Fermüller Awarded Two NSF Grants to Develop Adaptive Cognitive Systems

Thu Dec 17, 2015

Cornelia Fermüller, an associate research scientist in UMIACS, has been awarded two National Science Foundation (NSF) grants totaling approximately $1.5 million to build cognitive systems that will be able to function in complex, noisy and cluttered environments.

The grants will support Fermüller’s ongoing work in developing cognitive robotic systems that integrate perception with action, reasoning and language.

One project, “MONA LISA—Monitoring and Assisting with Actions” seeks to develop a smart manufacturing system, called MONA LISA, which assists humans in assembly tasks. The technology will help robots recognize a specific assembly action and determine whether it is correct. The robots would then communicate to humans any possible errors or suggestions on different ways to proceed.

The project will use advanced visual sensing and perception, action understanding grounded in robotics and human studies, semantic and procedural-like memory and reasoning, Fermüller says. There will also be a control module linking high-level reasoning and low-level perception for real-time, reactive and proactive engagement with the human assembler.

Another project, “Cortical Architectures for Robust Adaptive Perception and Action,” sets forth a novel idea in the design of intelligent systems with perception and, generally, in the development of synthetic intelligence.

Just about any task an intelligent system solves involves the interplay of four basic processes—context, attention, segmentation and categorization, Fermüller says. Her research team will study these processes by combining neural modeling with neural and behavioral experiments, theoretical and computational modeling, and implementation in robotics.

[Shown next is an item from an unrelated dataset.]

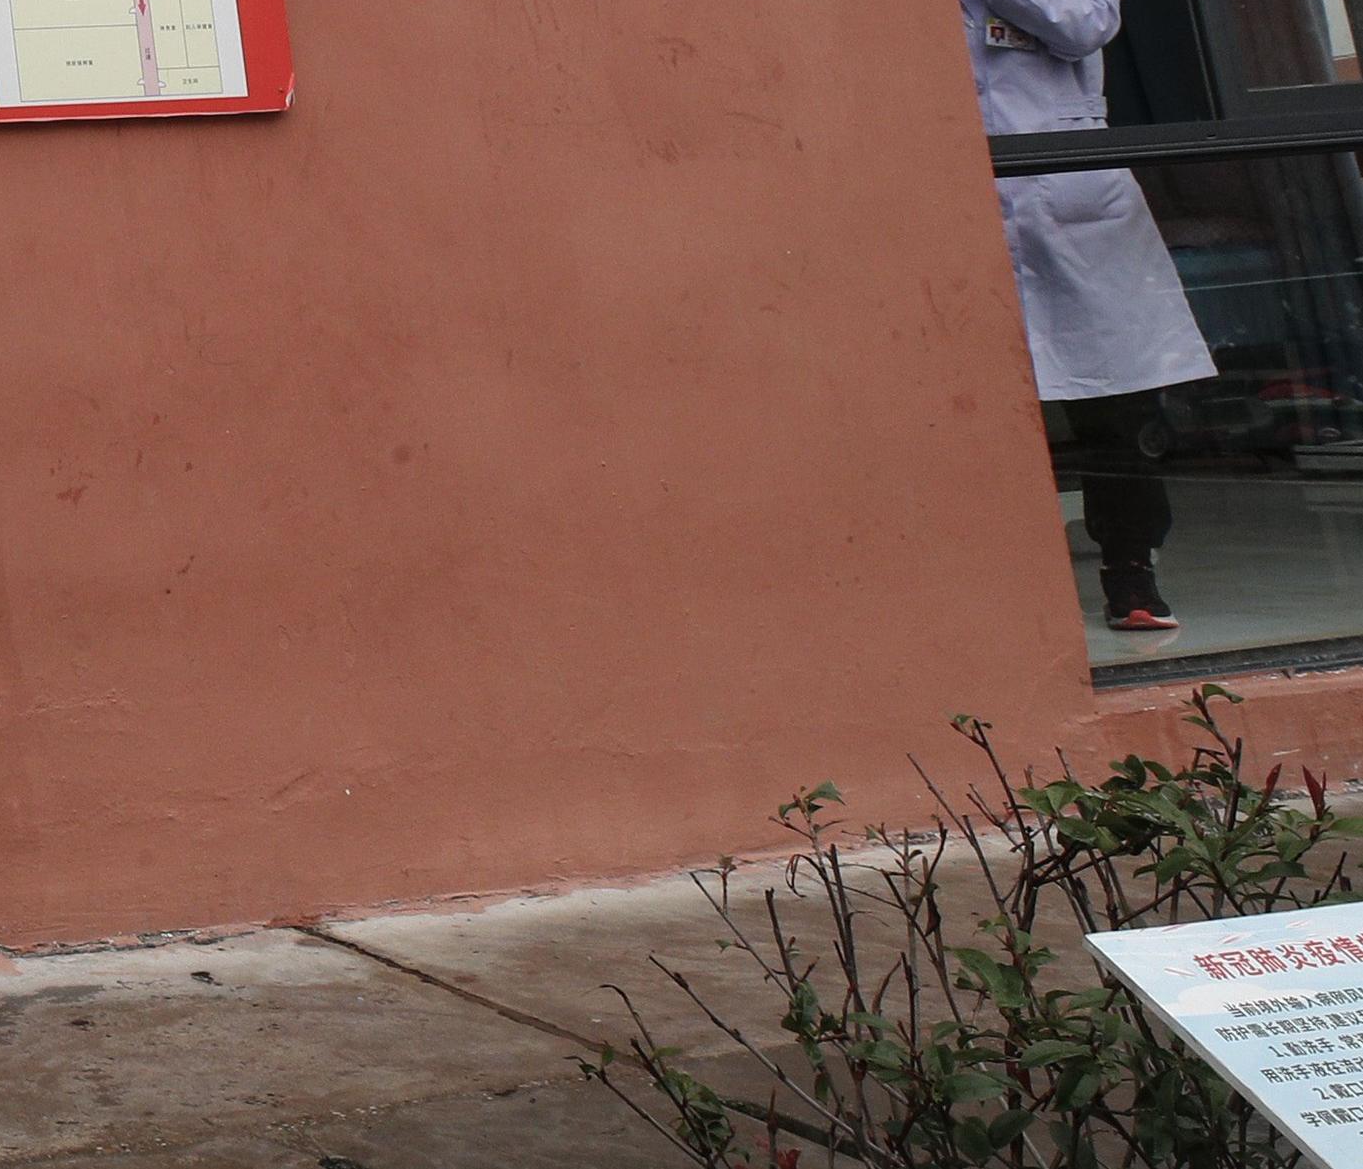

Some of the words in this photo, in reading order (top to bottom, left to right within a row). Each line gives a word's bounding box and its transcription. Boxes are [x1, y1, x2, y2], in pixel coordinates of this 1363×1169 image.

[1194, 932, 1363, 980] 新冠肺炎疫情
[1224, 987, 1363, 1018] 当前境外输入病例风
[1300, 1107, 1363, 1127] 学佩戴口

The motivation for this bio-inspired approach is to design systems that perceive and act in cluttered and noisy scenes that they have never experienced. This stands in contrast with the state-of-the-art in computational engineering systems that need to be retrained each time they confront an unanticipated environment.

Fermüller serves as the principal investigator (PI) on both grants.

On the “MONA LISA- Monitoring and Assisting with Actions” grant, she is collaborating with UMD researchers John Baras, a professor of electrical and computer engineering with an appointment in the Institute for Systems Research (ISR), and Yiannis Aloimonos, a professor of computer science with an appointment in UMIACS.

On the “Cortical Architectures for Robust Adaptive Perception and Action” project, Fermüller is working with UMD researchers and ISR members Shihab Shamma, a professor of electrical and computer engineering, and Timothy Horiuchi, an associate professor of electrical and computer engineering, and Johns Hopkins University researchers Ralph Etienne-Cummings and Andreas Andreou.